By Mrs. Wendy Igwema
It all happened one morning, 4:am to be precise, on the 28th of October 2020. We were just waking up from sleep in our home in our home in Torino.
Suddenly there was knock on the door. When I opened I saw about 9 Italian policemen. One of them was a woman. I asked them what they wanted. ‘We want to take your husband in for questioning’ one of them said to me. They said they were arresting him on mafia-related crimes in Italy. They proceeded to search the entire apartment and they did not find what they were looking for.
As they took my husband away, I requested to go with them to their station but they refused, saying that all they want is to interview him. They said they would let him go afterwards. Before they took him away, my husband called his lawyer, and told him about the presence of the police in our house. He advised that we closely watch them so they wouldn’t plant anything in our house. We did so.
Let me quickly state my husband is not a mafia member. He was working here in a hospital as a nurse in Vias Palato Capa GS in Torino for over 12 of the 16 years that we have lived here in Italy. He is a law-abiding person who has no criminal record whatsoever – no 419, no internet fraud, nothing.
After about a 2-hour search of our house where they found nothing, they took him away. On that same day around 11am, I got a call from the Italian police that they have decided to remand my husband in prison.

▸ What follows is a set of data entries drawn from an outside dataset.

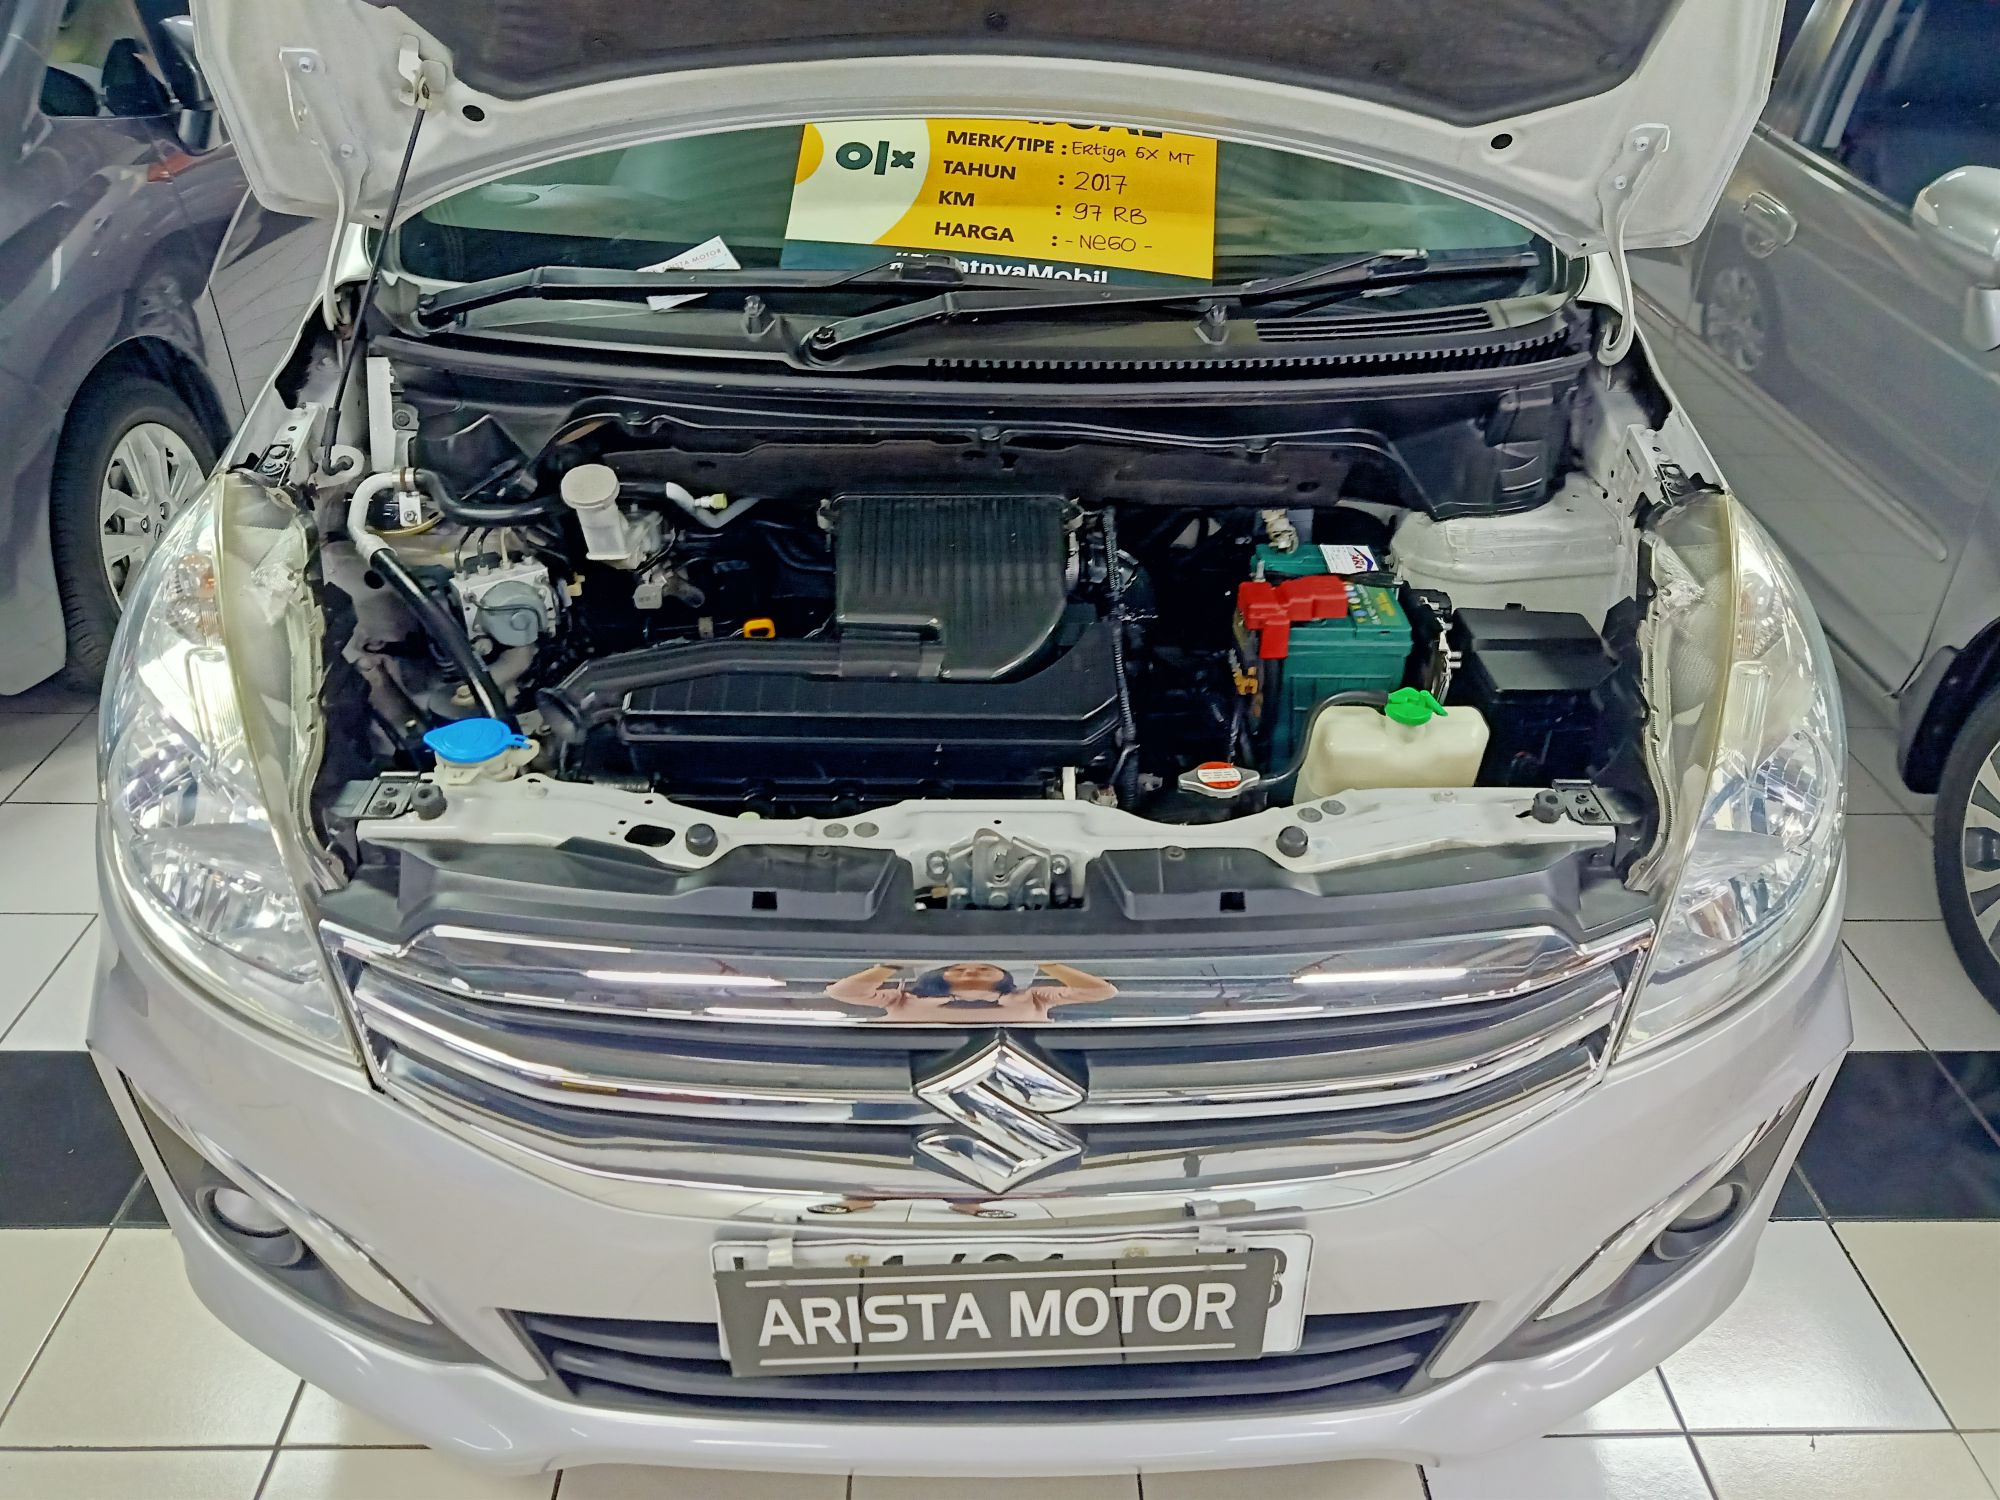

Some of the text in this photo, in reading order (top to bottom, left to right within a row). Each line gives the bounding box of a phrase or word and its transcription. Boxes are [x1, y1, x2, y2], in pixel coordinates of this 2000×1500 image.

[836, 140, 916, 175] olx
[946, 130, 1055, 154] MERK/TIPE
[1168, 150, 1197, 165] MT
[943, 160, 1017, 180] TAHUN
[1073, 171, 1128, 195] 2017
[938, 190, 975, 207] KM
[1072, 202, 1103, 222] 97
[1113, 206, 1148, 225] RB
[934, 221, 1015, 242] HARGA
[758, 1282, 1236, 1347] ARISTA MOTOR
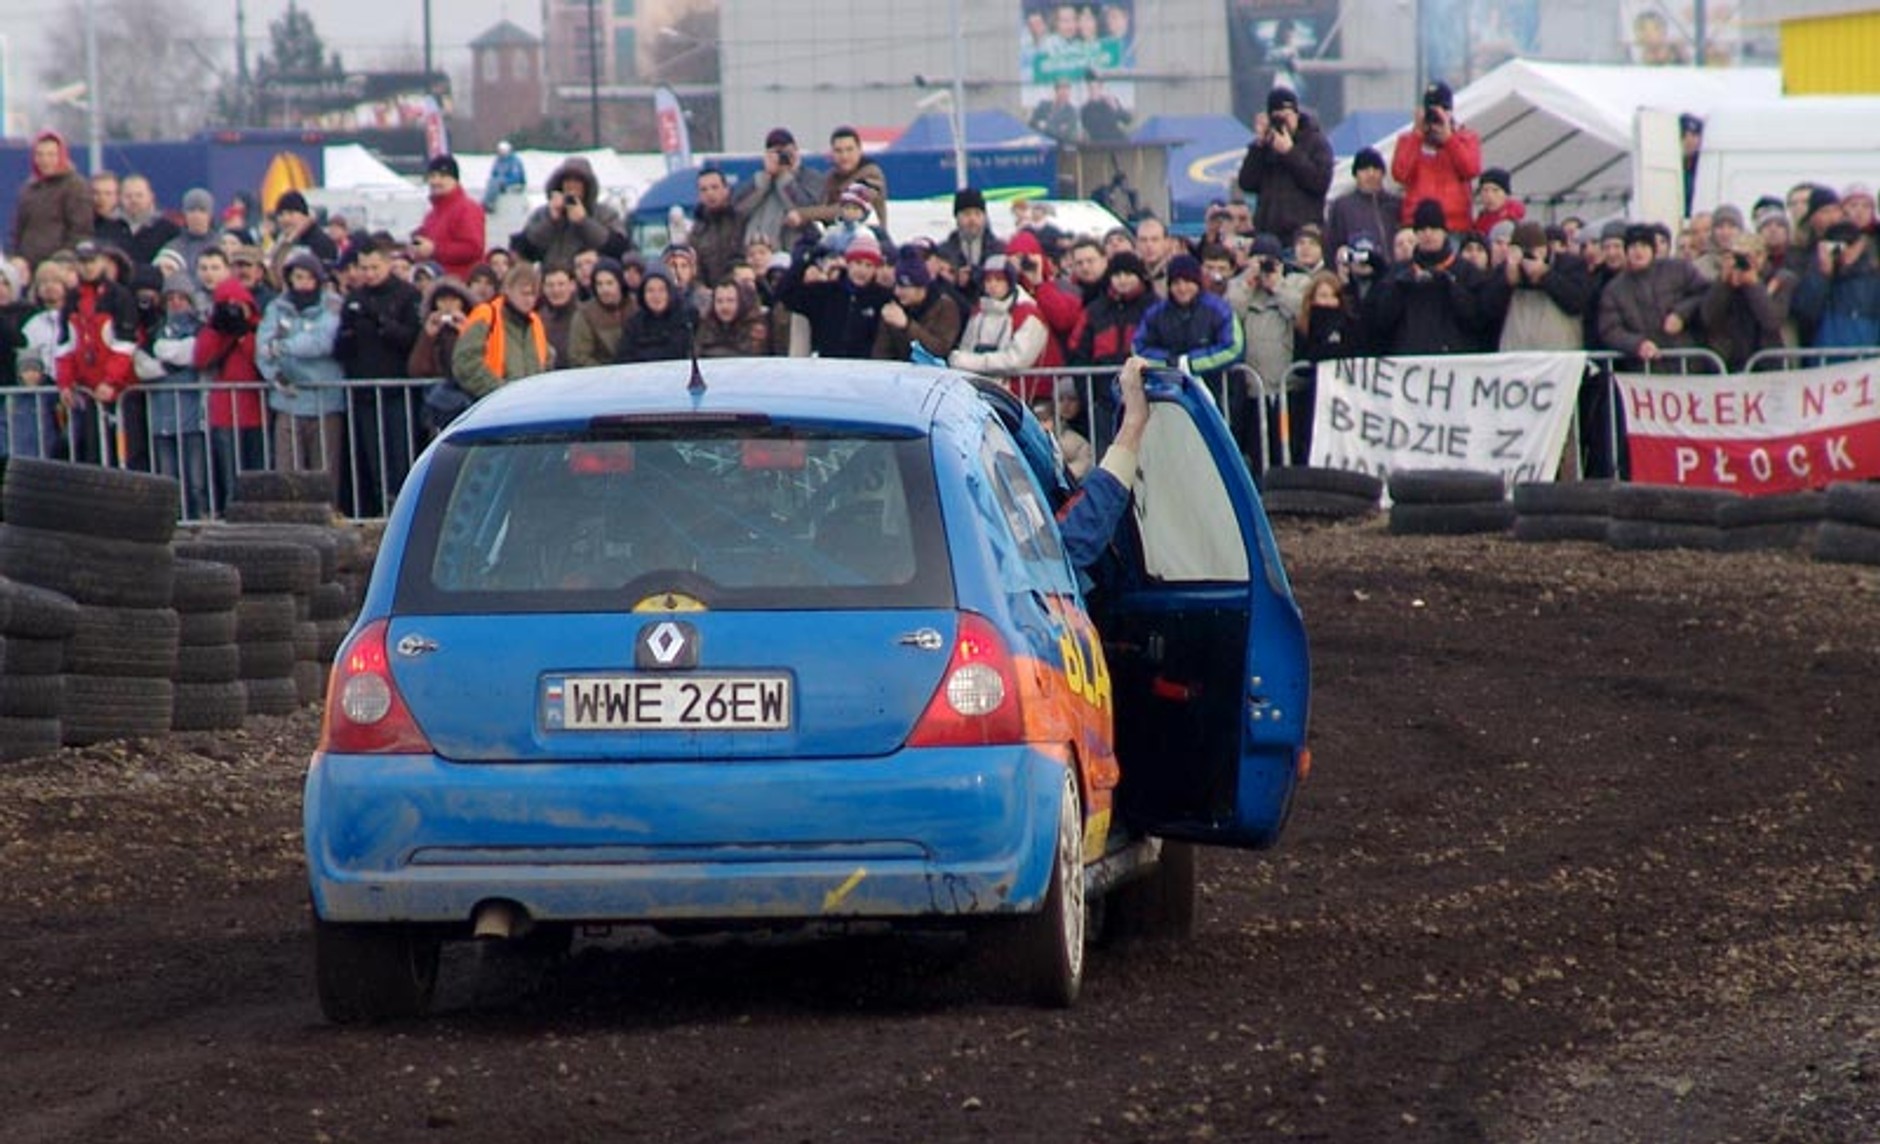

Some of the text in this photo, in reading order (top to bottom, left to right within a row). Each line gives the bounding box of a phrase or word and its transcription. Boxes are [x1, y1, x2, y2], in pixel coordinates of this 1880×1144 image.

[1334, 357, 1555, 412] NIECH MOC
[1630, 386, 1766, 425] HOŁEK
[1330, 396, 1524, 459] BĘDZIE Z
[1675, 434, 1856, 484] PŁOCK
[573, 682, 784, 723] WWE 26EW
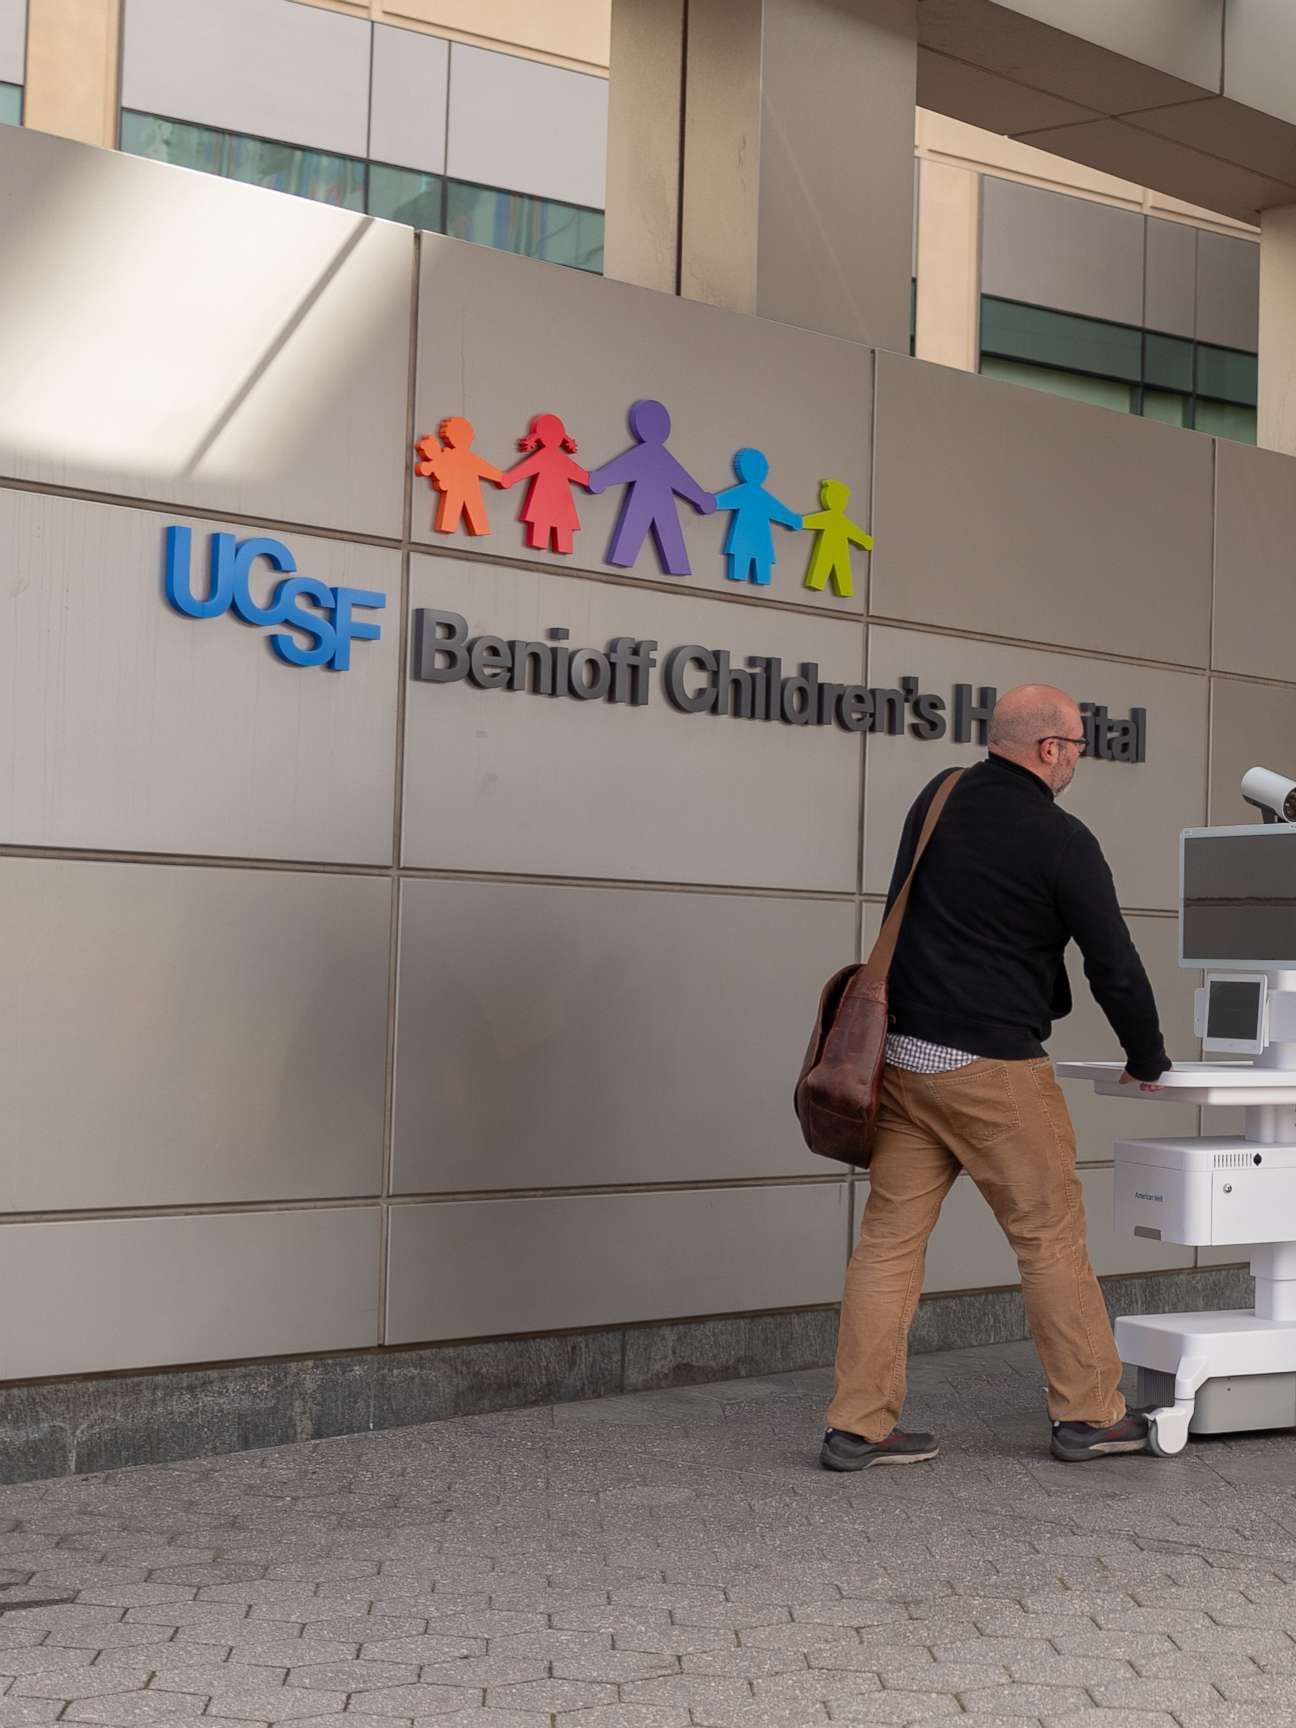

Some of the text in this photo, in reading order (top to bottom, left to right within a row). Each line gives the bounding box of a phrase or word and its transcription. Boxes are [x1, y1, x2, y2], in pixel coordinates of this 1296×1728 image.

[165, 525, 387, 672] UCSF
[414, 607, 1147, 763] Benioff Children's Hital
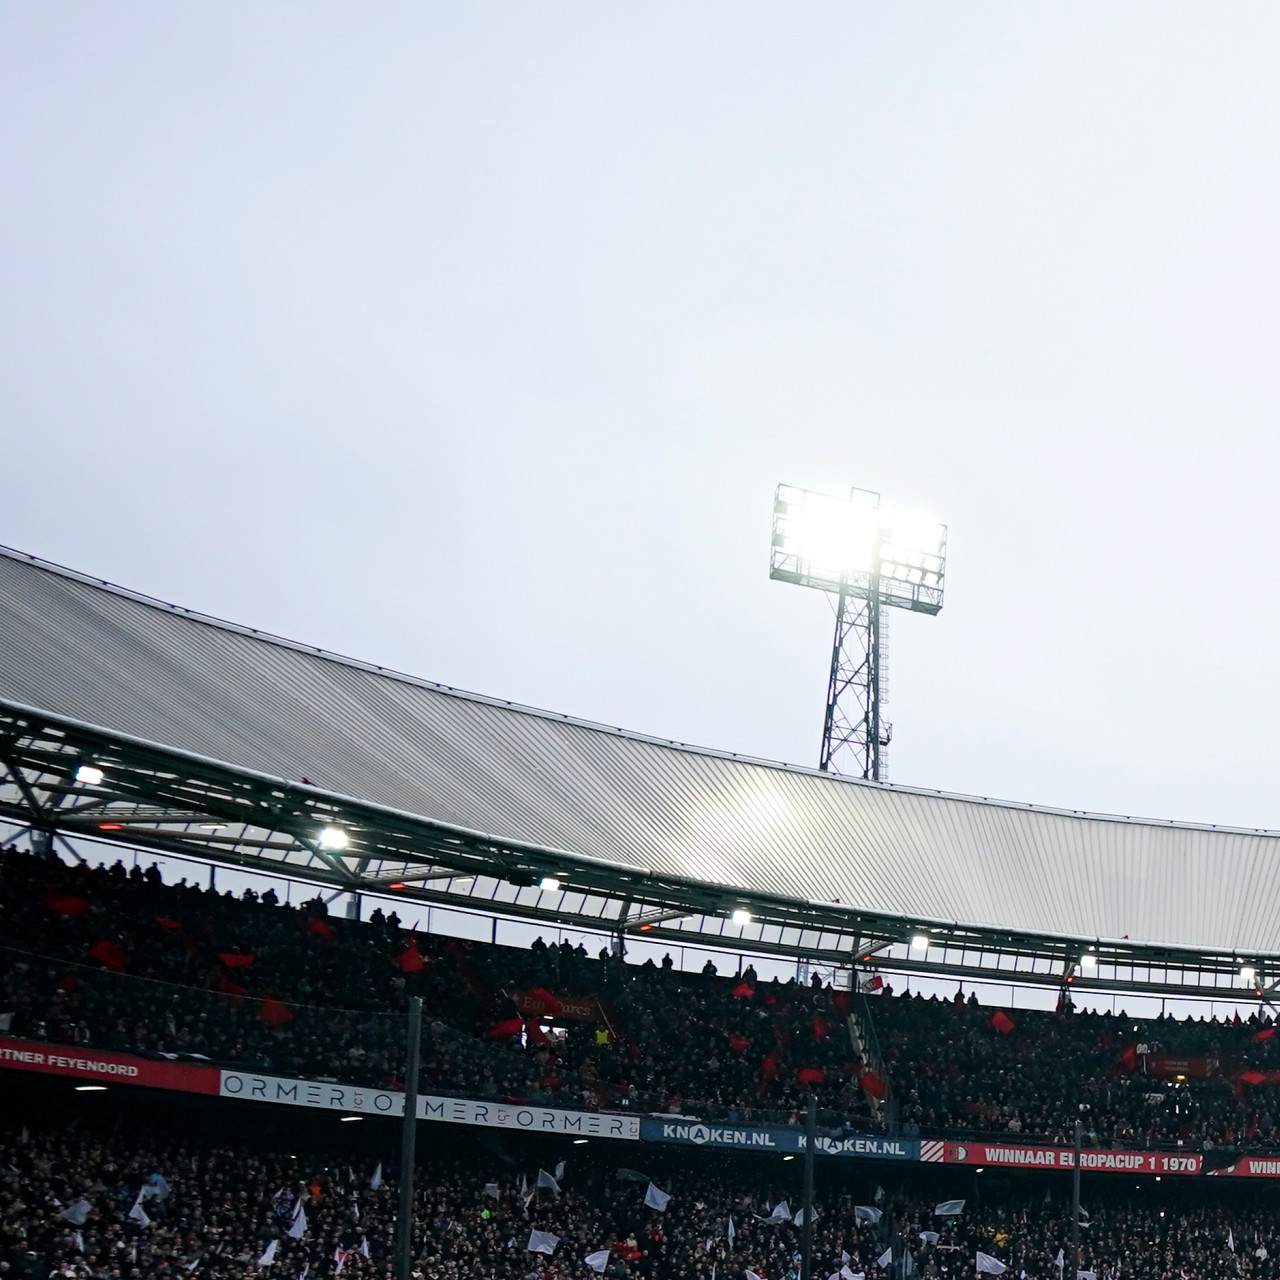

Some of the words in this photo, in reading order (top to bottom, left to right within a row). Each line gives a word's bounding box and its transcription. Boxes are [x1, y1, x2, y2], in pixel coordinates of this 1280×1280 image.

I requested to know why. They didn’t tell me why. So I requested to speak with my husband, who told me that the police accused him of belonging to a mafia group in Italy. ‘Are you a mafia member,’ I asked my husband. ‘No, but I am a Norseman’, he said to me.
So I met the lawyer again, an Italian. The Italian police did not allow him to see my husband. After about 14 days of my husband being in detention without access to his lawyer and family, I was eventually to find out that they also arrested anyone remotely or close to him. They arrested them all, about 50 of them in number. It was a massive raid in Bologna, Milan, Torino, Rome, Naples, Sicily and Sardinia.
Information that reached me indicated that the whole raid was just about rival groups in Italy who fought against one another sometime ago. Our lawyer, Emmanuel Pergas, met the police and demanded to be shown proof that my husband was part of the group that participated in that brawl.
The police told our lawyer that they had monitored meetings that cult groups in Italy have had over a long period. In all of the about video surveillances, my husband was not in any of them. They said though that my husband participated as a boss when he intervened and made peace between two Nigerians having an altercation on the streets of Torino.
My husband has been in prison over ten months without charge. Each time he is taken before a judge, the Italian police always argued for an adjournment which they always got. Most of the said court appearances were online, and only the lawyer makes an appearance.
I go to see my husband every week, and the last time I saw him, he was looking very unwell. I was pregnant when they came to arrest him, and the sudden nature of the affair led to my losing my pregnancy.
The name of the prison where my husband is being detained illegally is Valletta. There are hundreds of Nigerians held in this prison and many other prisons in Italy without charge. Over 52 Nigerians were arrested in Italy on the day my husband was arrested.
I am basically surviving on the stipends that come from the hospital my husband works. There’s no other assistance whatsoever from any source. He has a life contract with the hospital. They cannot sack him.
The hospital has also made a case for my husband that he has worked with them for over a decade without blemish of any kind. They have agreed to testify in court to my husband’s good name in Torino.
These people (Italian Police) has worked to cancel the next court appearance in September. They are bent on just keeping our people in jail to rot and languish. In the year 2019 after I lost my twins, friends and well-wishers that came to the cemetery for the burial of my twins. They wore black clothes. Because of that, most of them were arrested as Mafia members.
Please let the Italian police release my husband and the many other Nigerians languishing in jails in Nigeria. We their wives are suffering. If they are alleged to have committed any offence, let them take them to court to prove their innocence.
Mrs Wendy Igwema lives in Torino Italy. Her husband, together with many other Nigerians, are incarcerated in an Italian prison on suspicion of belonging to a Mafia group.